Accordingly, despite the tendency toward polarization between religious conservatives and less religious liberals, Americans demonstrate a great deal of religious tolerance. Using an example reminiscent of the famously self-worshiping “Sheila” in Habits of the Heart, Putnam and Campbell adduce every family’s “Aunt Susan” as the person who doesn’t fit the family religious tradition but sanctifies her particular faith for them by being such a good person anyway. She personifies the “religious bridging” that they regard as typical of the American experience and the key to its high levels of religious tolerance. Indeed, while acknowledging the country’s sometimes deadly anti-Catholicism in the mid-nineteenth century, the book concludes by gushing that “America has had religious toleration encoded in its national DNA.”

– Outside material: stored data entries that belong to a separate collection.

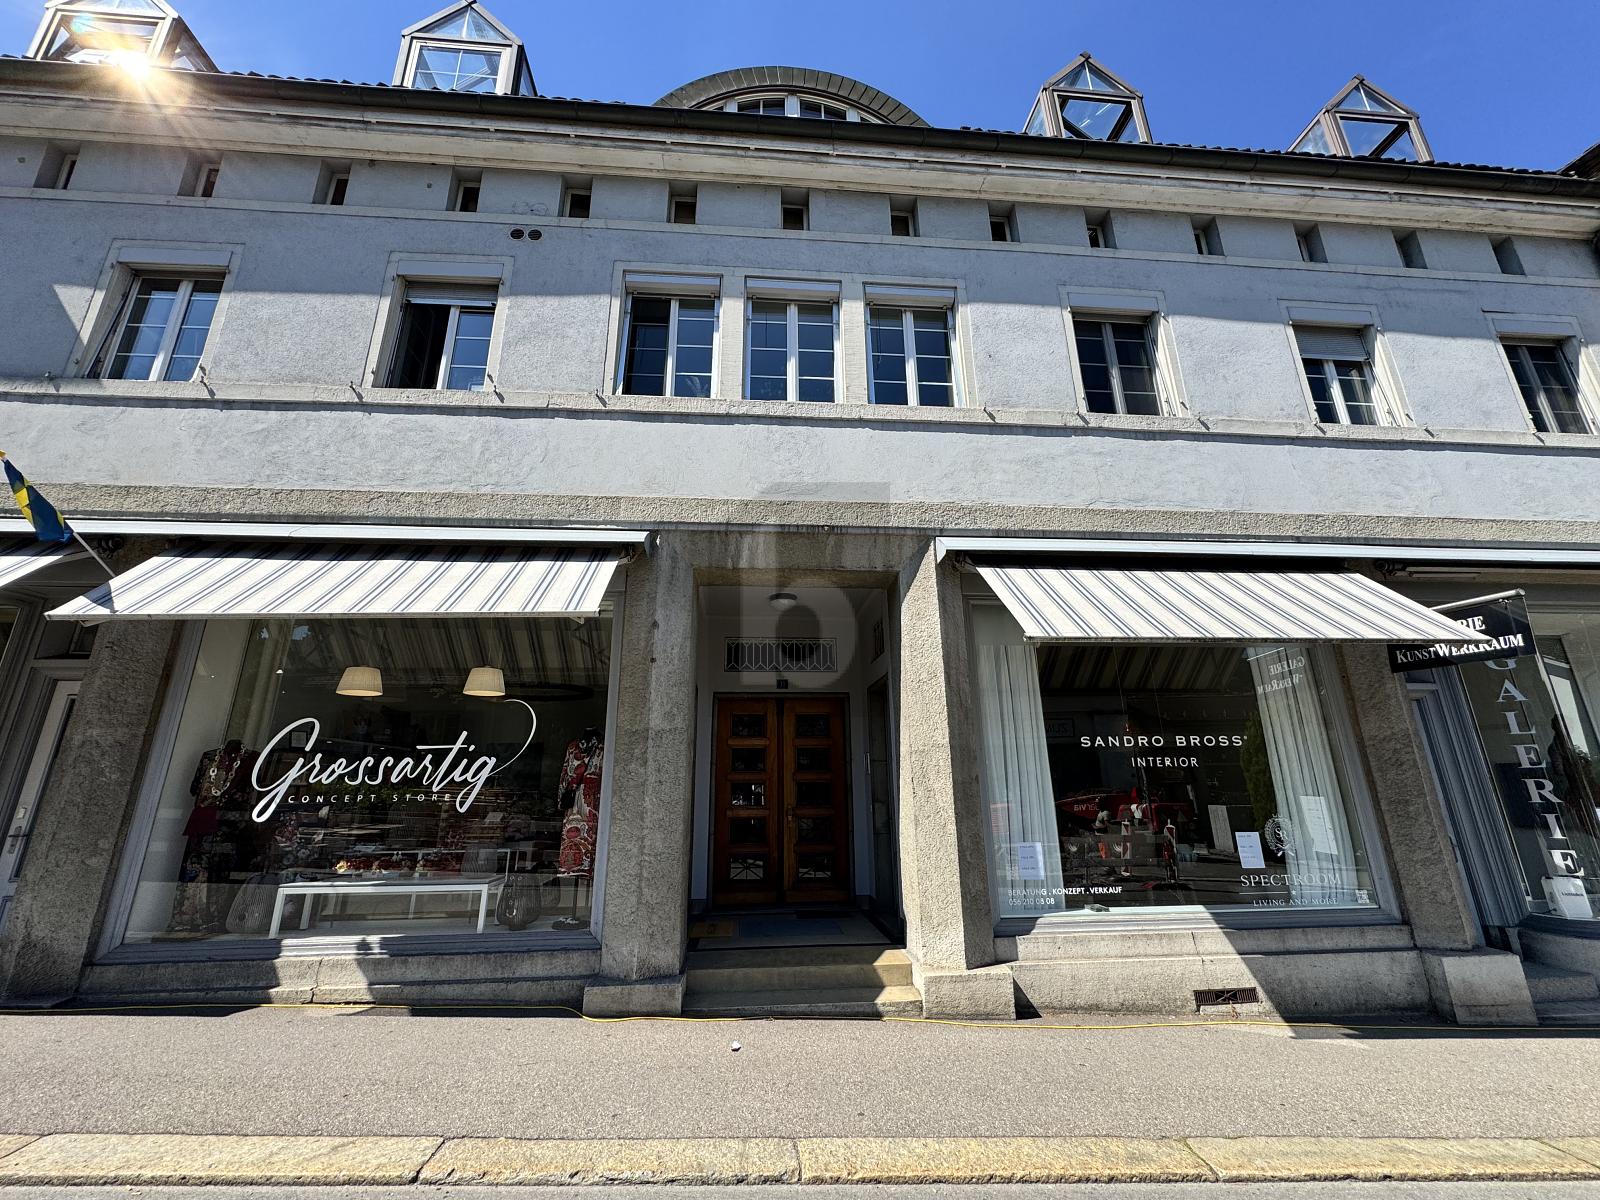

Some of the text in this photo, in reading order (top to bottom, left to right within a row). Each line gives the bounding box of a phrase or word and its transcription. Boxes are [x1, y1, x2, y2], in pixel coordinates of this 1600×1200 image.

[1080, 735, 1164, 747] SANDRO
[252, 699, 536, 822] Grossartig
[1131, 757, 1199, 768] INTERIOR
[288, 793, 451, 804] CONCEPT STORE
[1241, 874, 1341, 886] SPECTROOM
[1052, 887, 1085, 895] KONZEPT
[1090, 886, 1122, 894] VERKAUF
[1253, 897, 1339, 907] LIVING AND MORE

One might wonder here about the relative exclusion from the discussion of the newer religions on the American scene, namely Hinduism, Buddhism, and above all Islam. The stated reason for excluding these groups from the analysis is that their numbers remain so small that reliable statistical analysis is impossible. Fair enough. But the focus on the American mainstream is likely to encounter the same response from critics as it did when Bellah et al. wrote Habits of the Heart—that the book concentrates too much attention on the mainstream and obscures the margins. In view of the extensive mistreatment and opprobrium directed at Muslims in the post-9/11 period, one might ask, can the Putnam/Campbell approach be justified? One answer is that, in contrast to the European situation and to that surrounding such anomalous episodes as the so-called Ground Zero mosque, Putnam and Campbell’s marginalization of the Islam question gives it just the right amount of attention—namely, very little. Islamic extremism engages a vanishingly small proportion of Muslims, but overwhelms all other discussion of Islam (and, of course, drowns out other things that one might pay attention to, such as the approximately five million deaths in the god-forsaken Congo during roughly the same time period as the “war on terror”).

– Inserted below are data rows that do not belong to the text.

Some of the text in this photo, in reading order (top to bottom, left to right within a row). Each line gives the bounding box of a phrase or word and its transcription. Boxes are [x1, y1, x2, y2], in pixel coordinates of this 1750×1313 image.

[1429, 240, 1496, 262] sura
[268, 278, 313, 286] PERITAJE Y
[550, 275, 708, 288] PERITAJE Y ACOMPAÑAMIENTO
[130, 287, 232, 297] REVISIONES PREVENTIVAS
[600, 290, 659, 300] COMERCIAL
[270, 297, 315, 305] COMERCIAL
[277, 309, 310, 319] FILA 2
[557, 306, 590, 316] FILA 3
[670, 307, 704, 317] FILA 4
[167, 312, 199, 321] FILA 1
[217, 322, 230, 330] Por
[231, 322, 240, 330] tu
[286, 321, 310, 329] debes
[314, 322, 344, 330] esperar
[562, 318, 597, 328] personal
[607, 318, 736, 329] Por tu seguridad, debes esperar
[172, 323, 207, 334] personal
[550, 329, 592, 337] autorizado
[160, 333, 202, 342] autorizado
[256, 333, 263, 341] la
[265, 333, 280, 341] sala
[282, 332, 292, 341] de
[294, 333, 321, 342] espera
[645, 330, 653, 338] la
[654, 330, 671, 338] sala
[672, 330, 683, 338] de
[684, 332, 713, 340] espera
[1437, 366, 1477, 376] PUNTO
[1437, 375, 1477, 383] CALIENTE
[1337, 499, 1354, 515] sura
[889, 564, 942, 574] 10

On the other hand, to await the day when newer religious groups achieve a statistical critical mass might keep us from saying anything about them for a long time to come. And whether they like it or not, Muslims in the United States are the subject of a great deal of attention at present and are adherents of the only faith associated with extensive anti-American violence. As even so liberal a publication as the New York Review of Books has pointed out, there is also an increasingly homegrown dimension to anti-American Islamic attacks. Does the religious tolerance in Americans’ national DNA extend to Muslims? Given radical Islam’s targeting of the United States, chiefly if by no means exclusively, should Americans be tolerant of Muslims’ demands for accommodation of their faith when those demands seem at odds with liberal norms? Germany sought to be tolerant but eventually felt that it had to deport the so-called “caliph of Cologne” for his repeated and outspoken denunciations of the German political order. Putnam and Campbell say that the more Americans get to know people of other religions (or of no religion), the more they like them. But what of those—not always Muslims, to be sure—who denounce America as the Great Satan on religious grounds? Liberal societies reach the limits of tolerance when they have to deal with persons who reject the constitutional basis of those societies. This book cannot help us with that debate.

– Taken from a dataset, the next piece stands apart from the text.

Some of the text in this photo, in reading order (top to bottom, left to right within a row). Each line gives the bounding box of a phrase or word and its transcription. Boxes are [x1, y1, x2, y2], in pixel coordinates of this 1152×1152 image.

Notwithstanding this quibble, Putnam and Campbell have produced a thoroughly researched, clearly written study of the state of American religion that reminds Americans of what we hold in common and offers the prospect that the polarization produced by the 1960s and its sequelae may be behind us. They do so on the basis of meticulous research using a broad variety of social scientific methods. The book comprises another valuable contribution to sociological efforts to make sense of American life—even if its principal author is not formally a member of the guild. Many sociologists will follow in his footsteps, as will many nonspecialist readers, because American Grace is an outstanding example of public sociology.